## Task brief
Reproduce the listing word for word, leaving every picture behind.

## Data shown
◇ ◇ ◇ ◇ ◇ ◇ ◇
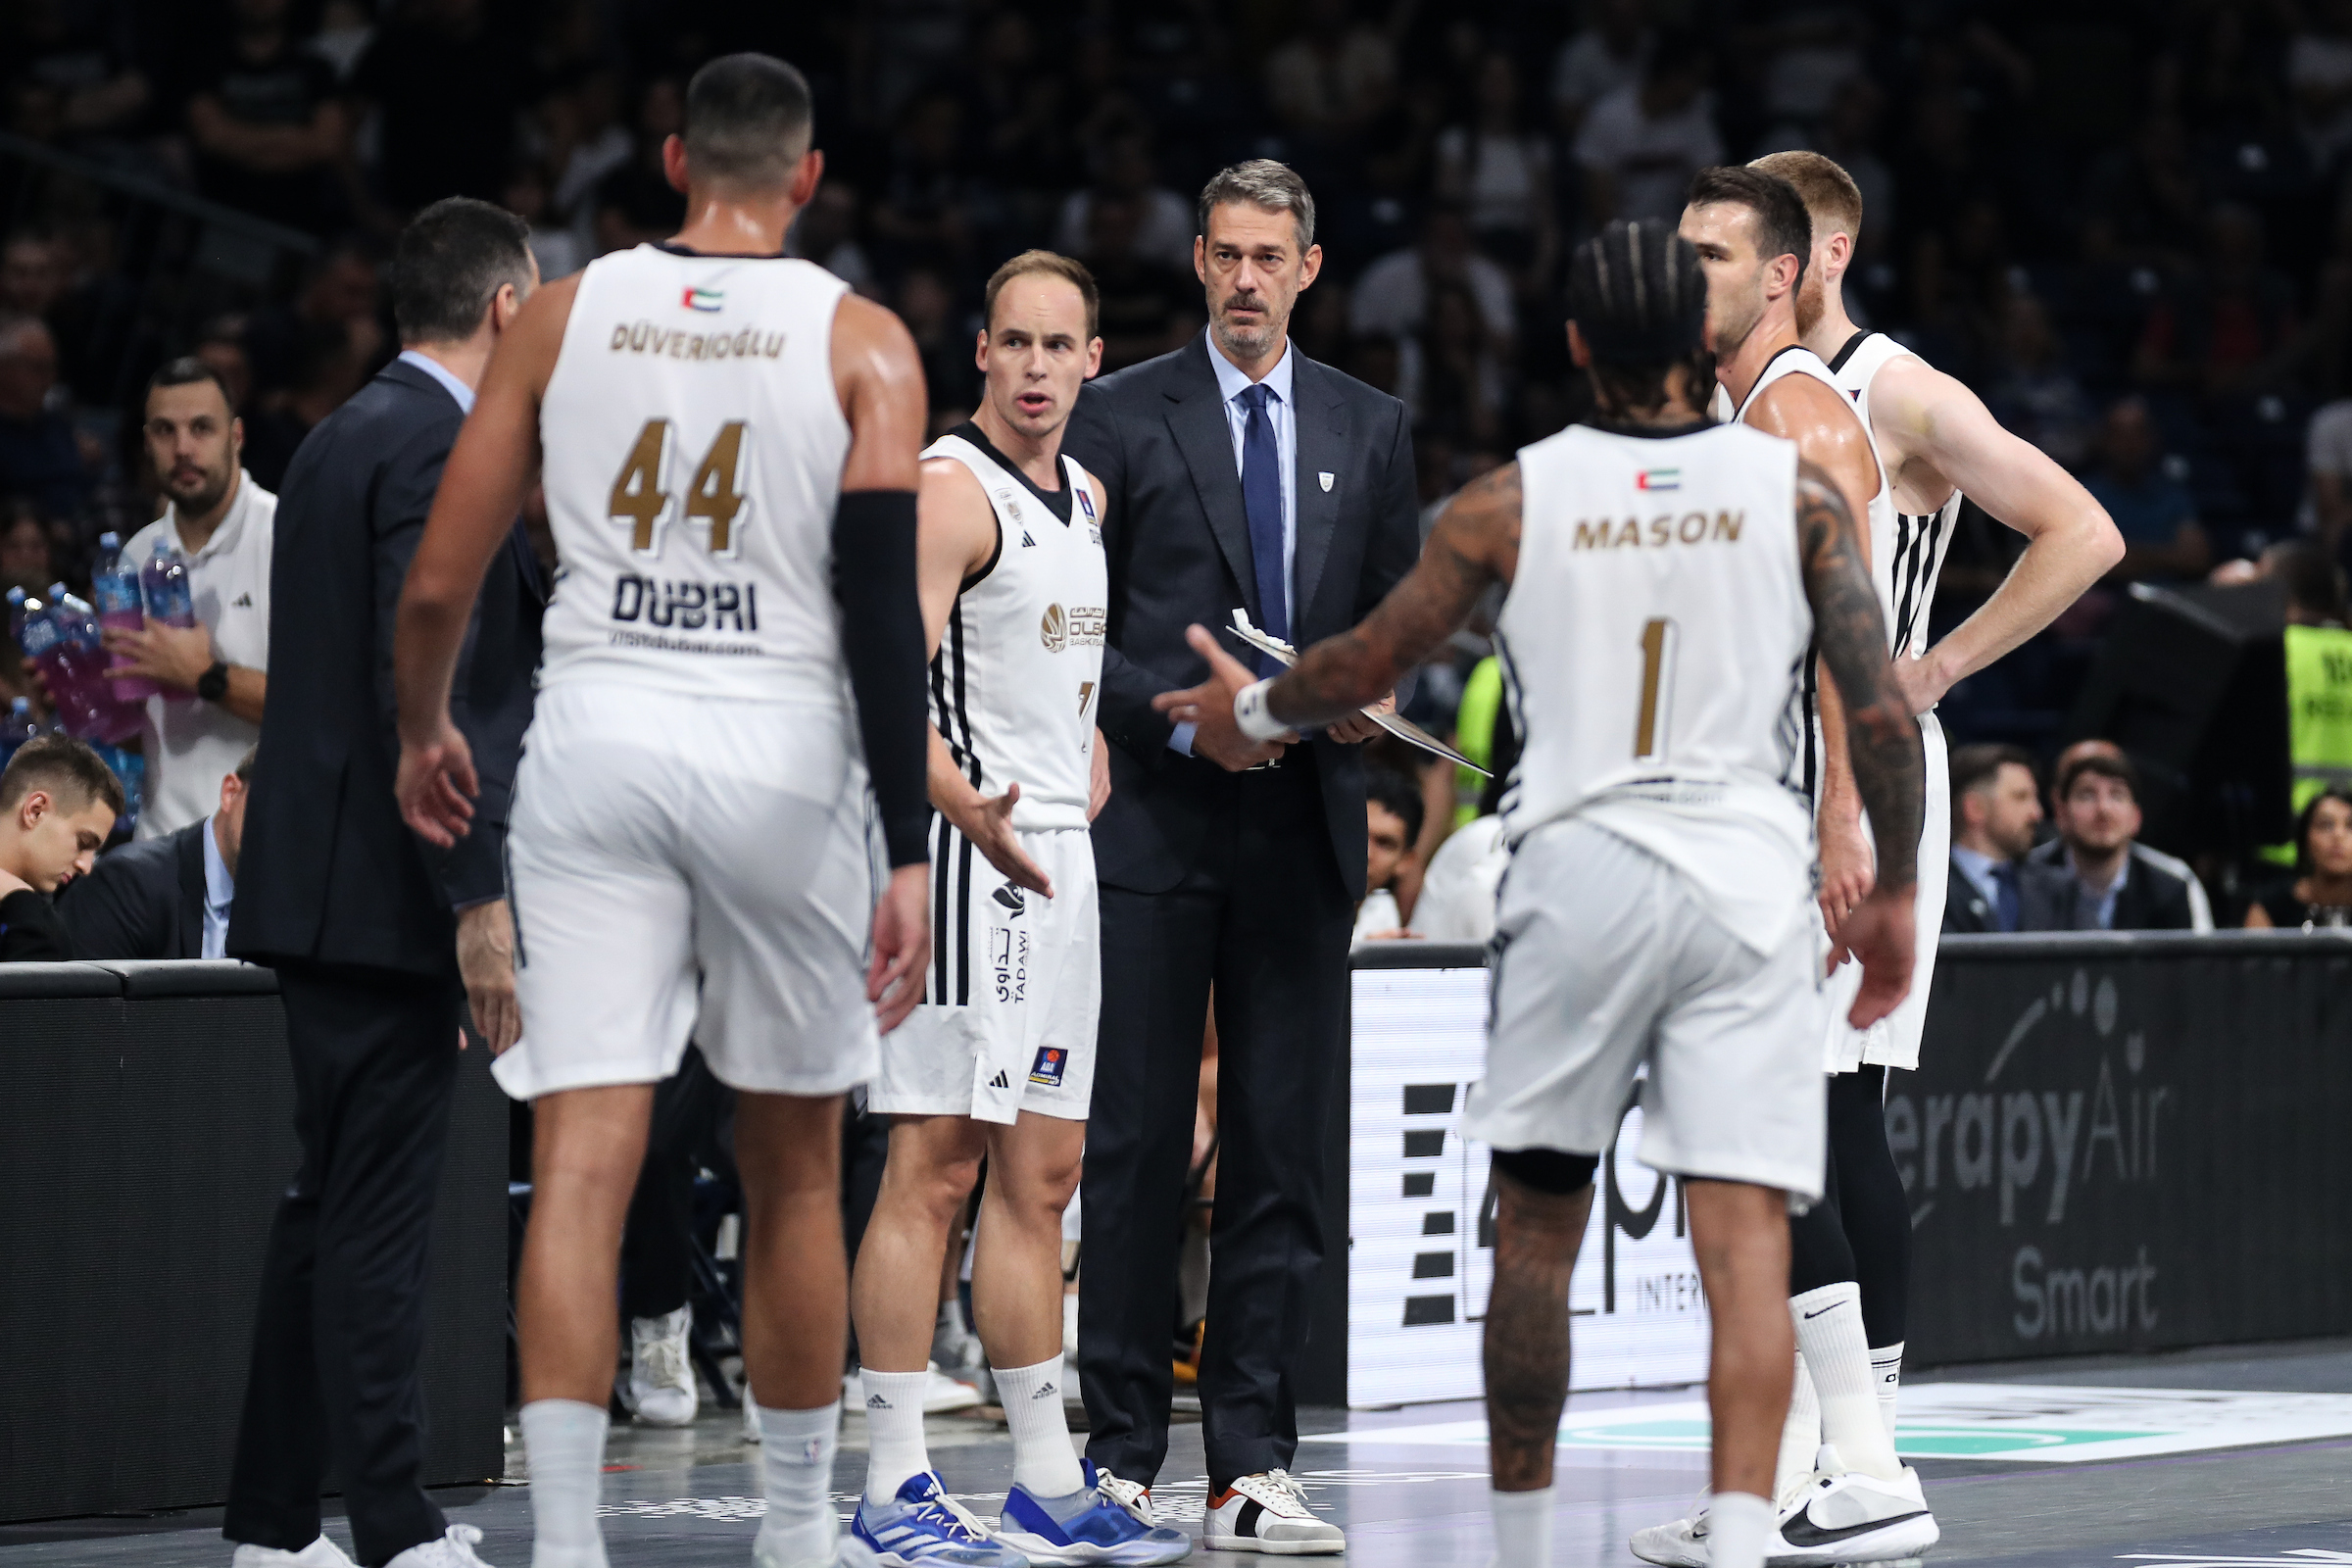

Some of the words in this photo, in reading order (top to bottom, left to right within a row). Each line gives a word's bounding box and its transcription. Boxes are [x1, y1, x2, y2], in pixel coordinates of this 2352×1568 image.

[608, 417, 748, 559] 44
[1572, 508, 1745, 550] MASON
[612, 574, 759, 631] DUBAI
[1634, 616, 1676, 761] 1
[1014, 930, 1026, 1004] TADAWI
[1884, 1053, 2169, 1225] erapyAir
[2014, 1246, 2157, 1339] Smart
◇ ◇ ◇ ◇ ◇ ◇ ◇
## Problem solution
Some of the words in this photo, in reading order (top to bottom, left to right within a row). Each line gives a word's bounding box and its transcription. Boxes are [x1, y1, x2, y2], in pixel coordinates of this 2352×1568 image.

[608, 417, 748, 559] 44
[1572, 508, 1745, 550] MASON
[612, 574, 759, 631] DUBAI
[1634, 616, 1676, 761] 1
[1014, 930, 1026, 1004] TADAWI
[1884, 1053, 2169, 1225] erapyAir
[2014, 1246, 2157, 1339] Smart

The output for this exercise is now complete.